Data Science is a field of study that stands out for the ability to assist the discovery of useful information from large or complex databases, as well as data-driven decision making. It can be defined as a set of strategies, tools and techniques for collecting, transforming and analyzing data carried out by multidisciplinary teams formed by researchers with substantive knowledge of the problem under analysis - in our case public health - statisticians, mathematicians and computer scientists (date -driven analysis).
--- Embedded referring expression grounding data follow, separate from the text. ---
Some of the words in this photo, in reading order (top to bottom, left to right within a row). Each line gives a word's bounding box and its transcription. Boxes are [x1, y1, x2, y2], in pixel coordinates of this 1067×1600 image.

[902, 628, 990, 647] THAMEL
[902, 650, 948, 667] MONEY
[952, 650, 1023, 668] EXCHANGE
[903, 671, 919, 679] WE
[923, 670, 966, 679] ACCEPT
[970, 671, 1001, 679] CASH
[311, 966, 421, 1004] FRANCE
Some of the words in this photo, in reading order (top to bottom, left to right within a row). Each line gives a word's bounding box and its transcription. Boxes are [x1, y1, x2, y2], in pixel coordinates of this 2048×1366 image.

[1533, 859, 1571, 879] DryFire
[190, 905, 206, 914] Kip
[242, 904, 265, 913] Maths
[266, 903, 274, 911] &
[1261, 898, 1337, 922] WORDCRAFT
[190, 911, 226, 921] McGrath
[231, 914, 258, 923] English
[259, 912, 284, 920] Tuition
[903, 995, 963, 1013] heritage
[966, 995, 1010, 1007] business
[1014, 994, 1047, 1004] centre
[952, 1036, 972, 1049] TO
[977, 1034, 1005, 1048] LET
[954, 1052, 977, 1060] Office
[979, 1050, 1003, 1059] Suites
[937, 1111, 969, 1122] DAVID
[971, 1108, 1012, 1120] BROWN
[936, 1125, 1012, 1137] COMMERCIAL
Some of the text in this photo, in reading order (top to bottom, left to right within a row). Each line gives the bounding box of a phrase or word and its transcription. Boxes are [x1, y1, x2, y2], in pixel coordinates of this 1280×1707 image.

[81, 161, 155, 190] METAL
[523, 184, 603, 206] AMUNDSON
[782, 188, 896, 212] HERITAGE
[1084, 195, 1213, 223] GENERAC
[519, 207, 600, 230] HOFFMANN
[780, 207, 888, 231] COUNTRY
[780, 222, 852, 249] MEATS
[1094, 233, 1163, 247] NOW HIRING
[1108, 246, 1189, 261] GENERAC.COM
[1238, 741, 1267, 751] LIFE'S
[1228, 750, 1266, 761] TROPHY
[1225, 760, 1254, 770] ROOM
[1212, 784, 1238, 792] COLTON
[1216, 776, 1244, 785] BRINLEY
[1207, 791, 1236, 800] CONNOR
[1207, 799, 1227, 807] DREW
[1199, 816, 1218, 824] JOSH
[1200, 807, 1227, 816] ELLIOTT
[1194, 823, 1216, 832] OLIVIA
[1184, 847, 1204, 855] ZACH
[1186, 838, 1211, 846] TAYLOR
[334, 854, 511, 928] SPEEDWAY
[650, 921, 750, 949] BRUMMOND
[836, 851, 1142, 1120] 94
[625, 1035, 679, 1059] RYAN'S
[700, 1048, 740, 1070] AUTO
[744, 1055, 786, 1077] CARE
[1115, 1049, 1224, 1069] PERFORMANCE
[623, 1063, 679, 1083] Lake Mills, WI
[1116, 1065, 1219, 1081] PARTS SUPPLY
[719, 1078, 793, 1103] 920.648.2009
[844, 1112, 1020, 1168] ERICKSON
It combines traditional analysis methods with sophisticated algorithms to process large volumes of data in various formats; structured, semi-structured and unstructured. The process of analysis in the scope of Data Science involves the phases of (i) collection and ingestion: extraction, transformation and load (better known as ETL); (ii) pre-processing: selection of records, reduction of dimensionality, normalization, creation of subsets of data; (iii) exploratory analysis and data mining: mainly analyzes aimed at classification, association, clustering, anomaly detection and prediction; (iv) post-processing: pattern interpretation, filtering, visualization and coupling in decision support systems and online platforms for visualization.
The term "Big Data" has been drawing attention away from academic research groups that are at the frontier of knowledge in computer science, particle physics, genetics, and astronomy. To define Big Data, we are certainly talking about a very large volume of data, but in addition to large volumes there are other important characteristics in the composition of the concept. In addition to the volume (which should be "Big") one of its main features is the variety of data to be processed, which can be structured data, semi-structured data and unstructured data (comments on social networks, blogs, websites, Google searches , etc.). Another factor that characterizes Big Data is the speed required to process the large and diverse databases stored and with the possibility of real-time processing. In both cases the innovation lies in the adoption of distributed processing.
Within the health sector, it is not difficult to imagine the possibilities of the Data Science approach for analysis, monitoring, prediction of events (cases) and health and disease situations in the population, as well as the association of these with their social determinants. The health sector already produces a huge amount of data about people accessing the SUS, but it is also important to have available information about who has not yet accessed it, and this is only possible with the integration of external databases and real-time processing, such as for example, social networks, blogs and digital media.
The adoption of these tools and strategies will force us to modify the way we collect, store, manage, analyze and visualize health data, and data of interest to health.